Prompt: All records given below must be printed word for word.

[Data for review — start]

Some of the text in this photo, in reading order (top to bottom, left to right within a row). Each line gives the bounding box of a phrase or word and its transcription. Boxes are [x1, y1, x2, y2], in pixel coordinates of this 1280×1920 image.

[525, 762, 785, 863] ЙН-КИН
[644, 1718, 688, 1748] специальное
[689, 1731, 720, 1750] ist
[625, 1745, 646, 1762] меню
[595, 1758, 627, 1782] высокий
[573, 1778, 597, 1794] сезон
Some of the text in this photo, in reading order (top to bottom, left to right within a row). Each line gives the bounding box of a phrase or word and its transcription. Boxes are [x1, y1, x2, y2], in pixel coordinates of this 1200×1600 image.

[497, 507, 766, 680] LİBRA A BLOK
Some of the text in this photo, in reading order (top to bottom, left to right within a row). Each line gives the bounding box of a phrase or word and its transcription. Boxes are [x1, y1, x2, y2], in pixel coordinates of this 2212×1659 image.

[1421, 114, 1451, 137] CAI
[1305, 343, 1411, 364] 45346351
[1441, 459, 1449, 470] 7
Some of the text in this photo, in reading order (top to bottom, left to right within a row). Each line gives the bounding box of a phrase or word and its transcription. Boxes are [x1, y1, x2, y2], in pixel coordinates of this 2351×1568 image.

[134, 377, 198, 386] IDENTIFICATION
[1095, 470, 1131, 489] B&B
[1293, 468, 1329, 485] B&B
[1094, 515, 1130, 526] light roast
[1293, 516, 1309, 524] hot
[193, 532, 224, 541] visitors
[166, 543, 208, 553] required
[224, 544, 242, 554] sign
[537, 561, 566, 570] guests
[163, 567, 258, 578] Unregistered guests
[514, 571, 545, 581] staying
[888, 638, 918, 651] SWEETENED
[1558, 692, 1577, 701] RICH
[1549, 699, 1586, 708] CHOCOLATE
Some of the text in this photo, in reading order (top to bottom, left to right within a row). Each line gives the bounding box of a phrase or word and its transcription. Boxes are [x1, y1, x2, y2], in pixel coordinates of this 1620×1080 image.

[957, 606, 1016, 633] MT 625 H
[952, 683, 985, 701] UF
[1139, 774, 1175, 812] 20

[Data for review — finish]

Answer:
Some of the text in this photo, in reading order (top to bottom, left to right within a row). Each line gives the bounding box of a phrase or word and its transcription. Boxes are [x1, y1, x2, y2], in pixel coordinates of this 1280×1920 image.

[525, 762, 785, 863] ЙН-КИН
[644, 1718, 688, 1748] специальное
[689, 1731, 720, 1750] ist
[625, 1745, 646, 1762] меню
[595, 1758, 627, 1782] высокий
[573, 1778, 597, 1794] сезон
Some of the text in this photo, in reading order (top to bottom, left to right within a row). Each line gives the bounding box of a phrase or word and its transcription. Boxes are [x1, y1, x2, y2], in pixel coordinates of this 1200×1600 image.

[497, 507, 766, 680] LİBRA A BLOK
Some of the text in this photo, in reading order (top to bottom, left to right within a row). Each line gives the bounding box of a phrase or word and its transcription. Boxes are [x1, y1, x2, y2], in pixel coordinates of this 2212×1659 image.

[1421, 114, 1451, 137] CAI
[1305, 343, 1411, 364] 45346351
[1441, 459, 1449, 470] 7
Some of the text in this photo, in reading order (top to bottom, left to right within a row). Each line gives the bounding box of a phrase or word and its transcription. Boxes are [x1, y1, x2, y2], in pixel coordinates of this 2351×1568 image.

[134, 377, 198, 386] IDENTIFICATION
[1095, 470, 1131, 489] B&B
[1293, 468, 1329, 485] B&B
[1094, 515, 1130, 526] light roast
[1293, 516, 1309, 524] hot
[193, 532, 224, 541] visitors
[166, 543, 208, 553] required
[224, 544, 242, 554] sign
[537, 561, 566, 570] guests
[163, 567, 258, 578] Unregistered guests
[514, 571, 545, 581] staying
[888, 638, 918, 651] SWEETENED
[1558, 692, 1577, 701] RICH
[1549, 699, 1586, 708] CHOCOLATE
Some of the text in this photo, in reading order (top to bottom, left to right within a row). Each line gives the bounding box of a phrase or word and its transcription. Boxes are [x1, y1, x2, y2], in pixel coordinates of this 1620×1080 image.

[957, 606, 1016, 633] MT 625 H
[952, 683, 985, 701] UF
[1139, 774, 1175, 812] 20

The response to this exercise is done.